Years later, when my mother was home with us, one of her favorite jobs was “backing books.” By the first day of school in September, she had saved brown wrapping paper for this special task. Anyone from my part of the world will readily acknowledge that our teachers were very particular about the way our books were backed. There was definitely an art to it, and so naturally it fell under my mother’s bailiwick. She could barely wait for September when my brother and I would get our new school books for the year. I can still see her waiting in our kitchen in the house on the Dublin Road, brown paper and scissors ready. Each book she placed carefully in the middle of a sheet of brown paper, and with a few quick snips, folds, and tucks, she had it covered, ready for us to write our names on the front. I remember one September, because my mother was ill and in the hospital, I had taken it upon myself to back my new history textbook. Of course I couldn’t do it right. Like so many things, this was something my mother had made look so easy, but unlike my mother I had not learned by watching. It was impossible for me to get the brown paper neatly under the spine at both ends, so I gave up and went to school, book un-backed.
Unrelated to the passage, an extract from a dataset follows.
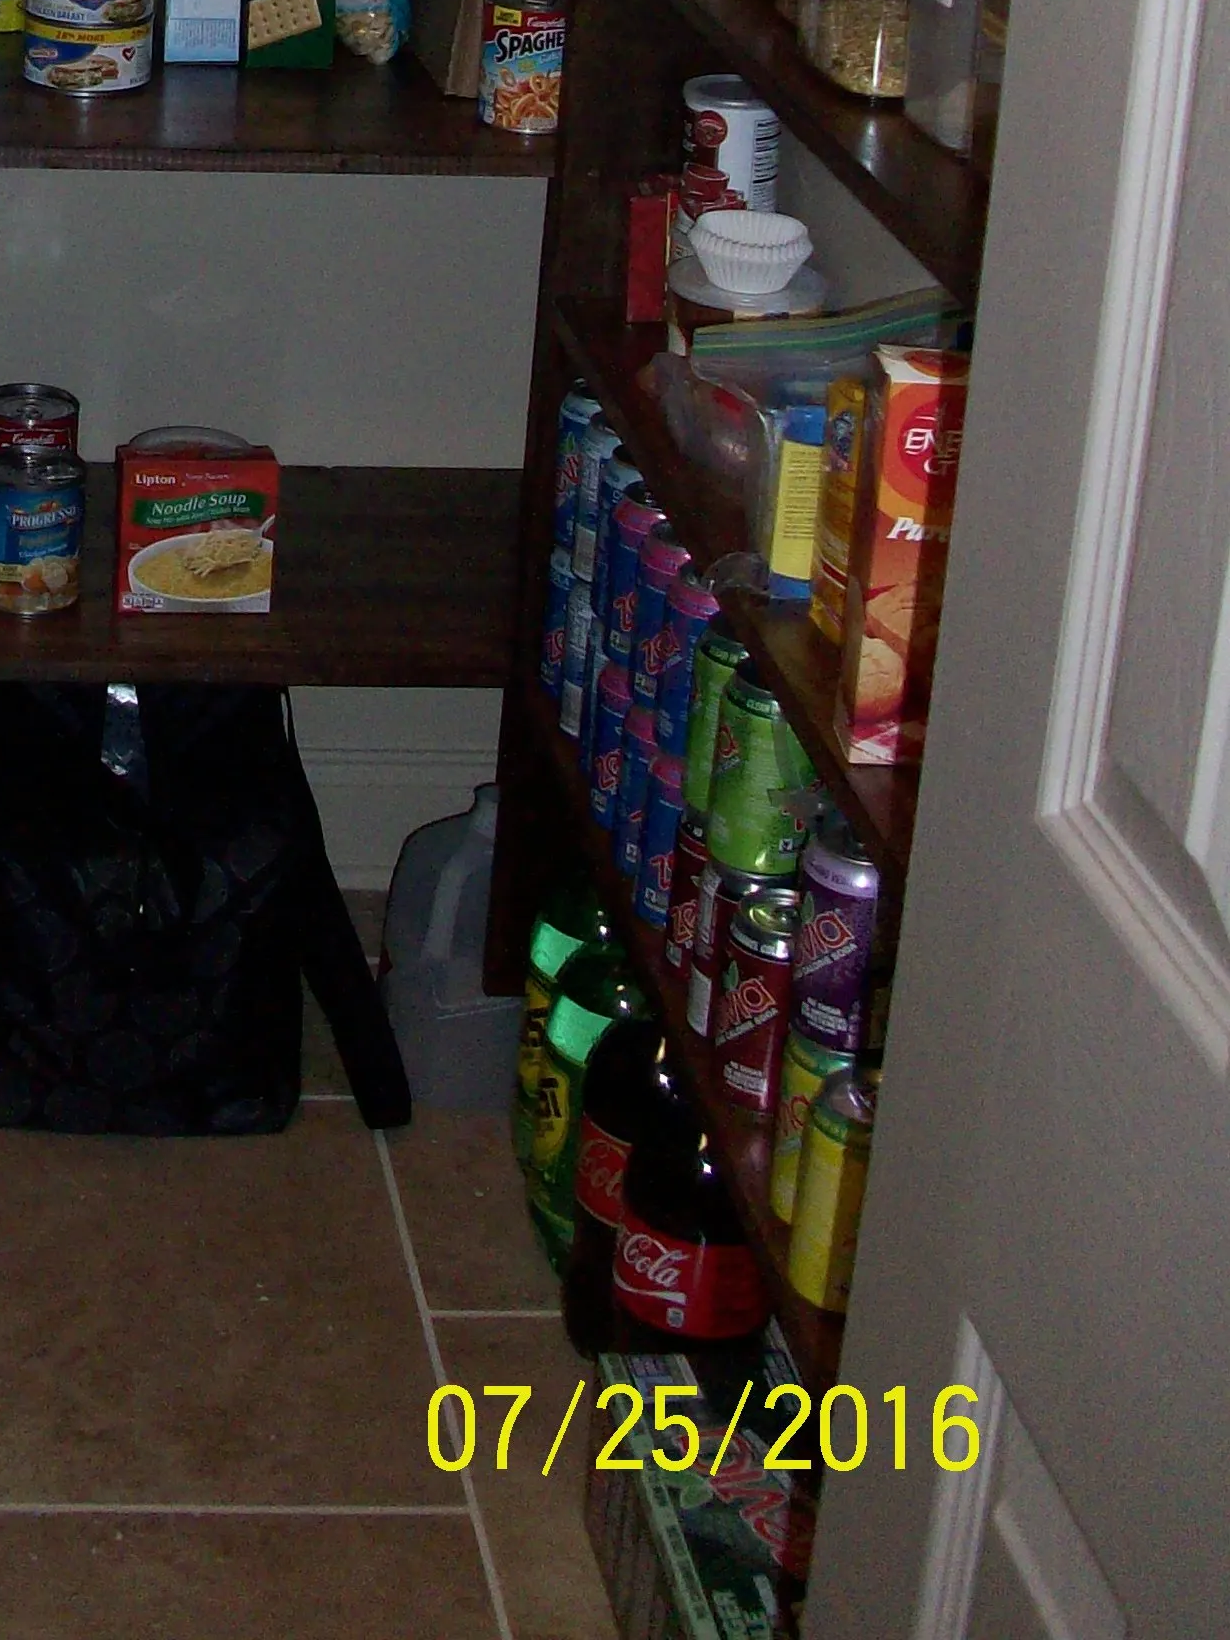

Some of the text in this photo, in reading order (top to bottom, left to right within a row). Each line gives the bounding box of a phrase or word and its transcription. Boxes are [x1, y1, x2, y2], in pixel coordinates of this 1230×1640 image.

[134, 473, 176, 487] Lipton
[151, 493, 248, 516] Noodle Soup
For my sins, I was subjected to a memorably sarcastic tirade from a teacher who clearly cared not about the fact that my mother lay in the Royal Victoria Hospital in Belfast. She may as well have been on the other side of the world in those moments. Over thirty five years later, I can still feel the flush of embarrassment on my face. I have never forgotten or forgiven his lack of sensitivity. I am sad to report that I was reminded of it once more, just five months ago when a teacher was inexcusably cruel to my daughter – in front of her classmates and in spite of knowing that while he casually broke her spirit, her mother was recovering from cancer surgery.
Perhaps being good with one’s hands is somehow connected to being in good hands. Handled with care. A hand-wrapped parcel from Crawford’s shop was done right and with great care. There was heart and craft in it.